Sorry for the bad title.
I'm saving web pages. I currently use 1 XML file as an index. One element contains file created date (UTC), full URL (w. query string and what not). And the headers in a separate file with similar name but appended special extension.
However, going at 40k (incl. header) files, the XML is now 3.5 MB. Recently I was still reading, adding new entry, save this XML file. But now I keep it in memory and save it every once in a while.
When I request a page, the URL is looked up using XPath on the XML file, if there is an entry, the file path is returned.

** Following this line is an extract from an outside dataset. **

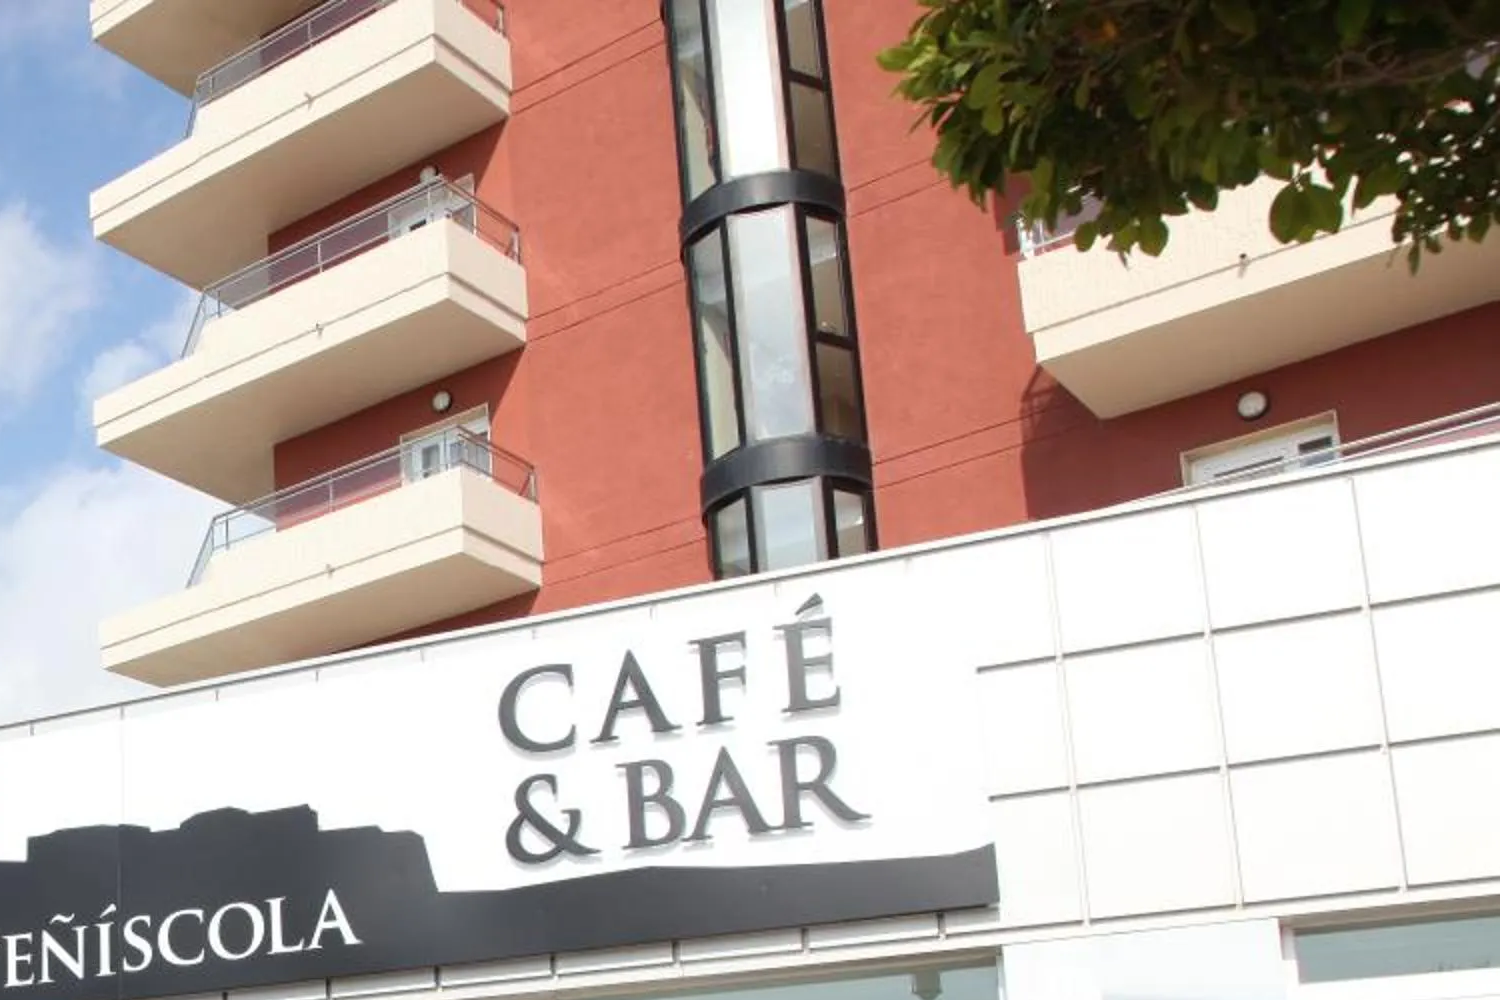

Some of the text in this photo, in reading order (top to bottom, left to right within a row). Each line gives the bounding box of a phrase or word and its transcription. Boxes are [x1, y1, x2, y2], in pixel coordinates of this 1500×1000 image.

[498, 593, 841, 752] CAFÉ
[505, 735, 872, 863] & BAR

The directory structure is .\www.host.com/randomFilename.randext
So I am looking for a better way.
Im thinking:
- One XML file per. domain (incl. subdomains). But I feel this might be a hassle.
- Using SVN. I just tested it, but I have no experience in large repositories. Executing svn add "path to file" for every download, and commit when I'm done.
- Create a custom file system, where I then can include everything I want, for ex. POST-data.
- Generating a filename from the URL and somehow flattening the querystring, but large querystrings might be rejected by the OS. And if I keep it with the headers, I still need to keep track of multiple files mapped to each different query string. Hassle. And I don't want it to execute too slow either.
Multiple program instances will perform read/write operations, on different computers.
If I follow the directory/file method, I could in theory add a layer between so it uses DotNetZip on the fly. But then again, the query string.
I'm just looking for direction or experience here.
What I also want is the ability to keep history of these files, so the local file is not overwritten, and then I can pick which version (by date) I want. Thats why I tried SVN.